— Но разве ты сам не знаешь, что мне нужно? Тебе как никому другому ведомо, что мы, люди, хотим.
Он улыбнулся.
— Так дай мне то, что я хочу, что я желаю, если это возможно, если я это заслужил. Ведь ты пришел ко мне. Ты приходишь к сильным, к мудрым, о ком будут говорить спустя много лет. Но разве я такой, разве я заслужил это? Разве я достоин того, чтобы ты пришел ко мне?
— Все вы достойны, абсолютно все, — ответил он. — И сильные и слабые, и кроткие и дерзкие, и любящие и проклинающие. Разве те, кому я протягиваю руку, и кто отвергает ее — недостойны? Но я и их прощу. Я прощу всех. На то мое право. Я всегда здесь, я всегда рядом, со многими, почти со всеми, когда они любят и умирают за свою любовь, когда их предают и предают они сами, когда они совершают безумства и кричат, и зовут меня. И я рядом, но они не видят меня, даже когда я стою совсем рядом. Я всегда рядом, просто ты захотел меня увидеть. Вот и все.

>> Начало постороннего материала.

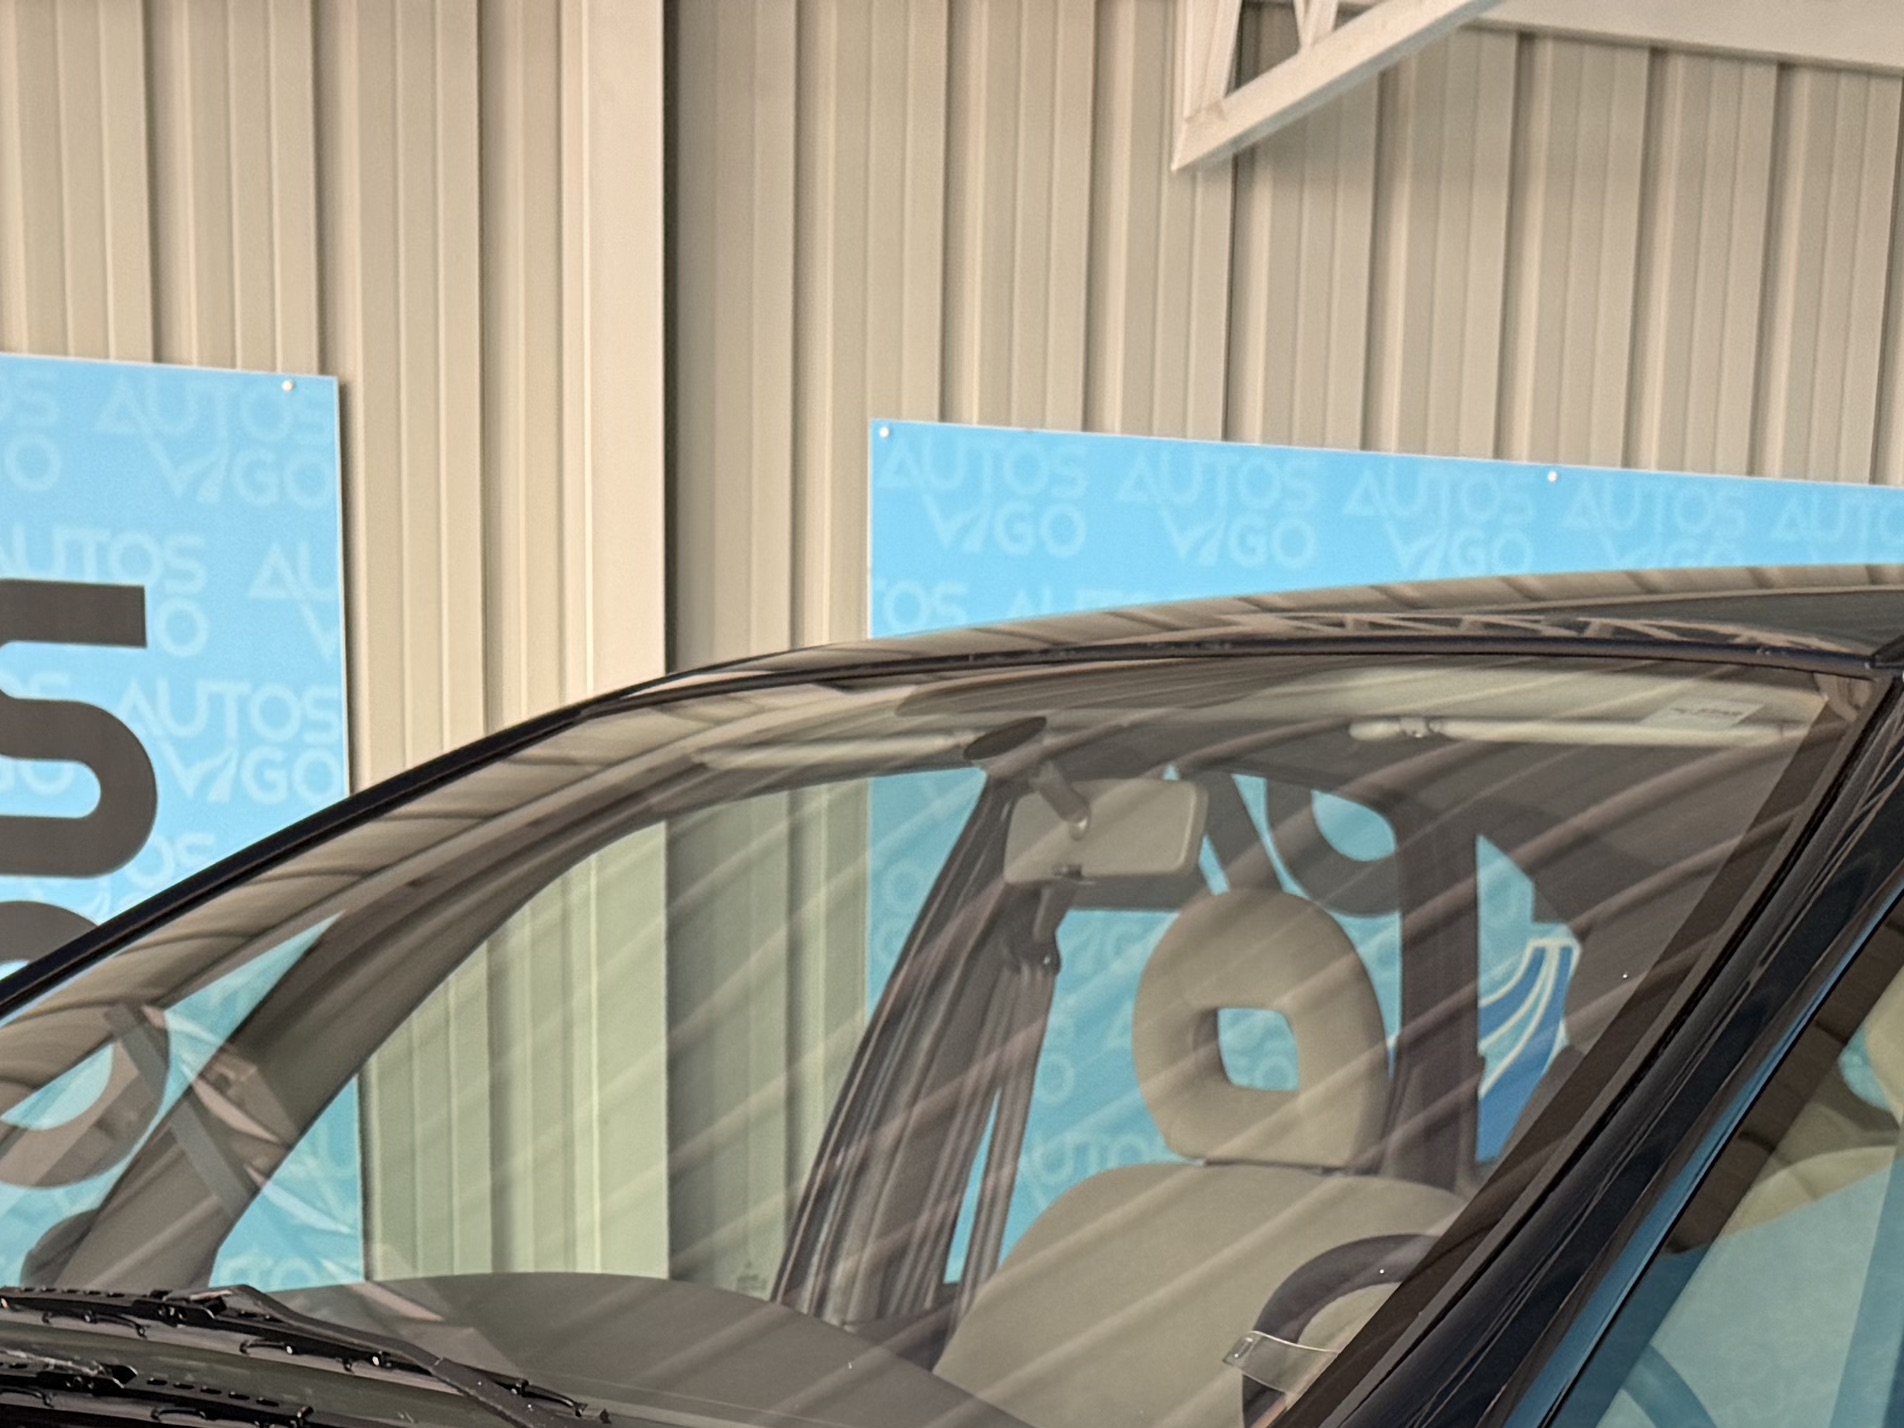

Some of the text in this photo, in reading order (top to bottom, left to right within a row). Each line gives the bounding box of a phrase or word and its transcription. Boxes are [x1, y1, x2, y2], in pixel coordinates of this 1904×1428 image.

[94, 375, 337, 448] AUTOS
[878, 437, 1088, 499] AUTOS
[1115, 450, 1319, 511] AUTOS
[1342, 462, 1536, 526] AUTOS

— И чего я все-таки хочу? Скажи мне, я сам не знаю.
— Ты знаешь, просто ты боишься сам себе в этом признаться. Не бойся, просто скажи это вслух.

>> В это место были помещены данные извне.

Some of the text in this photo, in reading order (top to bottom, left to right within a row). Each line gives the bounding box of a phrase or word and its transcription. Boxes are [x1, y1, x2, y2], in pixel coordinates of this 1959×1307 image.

— Я хочу, чтобы во мне умерла любовь, чтобы эта агония кончилась, я хочу быть свободным от нее.
— Ты сказал, — он вздохнул.
— Но разве это не мука, разве это не боль — так любить, так страдать, когда кажется, что весь мир рушится на твоих глазах, а другие просто думают, что ты сходишь с ума от глупости, которая присуща молодым. Я знаю, они скажут мне, что сами прошли через это, что они тоже страдали. И чем я хуже их? Мучайся, раз и мы мучились. Ты понимаешь, что я хочу сказать?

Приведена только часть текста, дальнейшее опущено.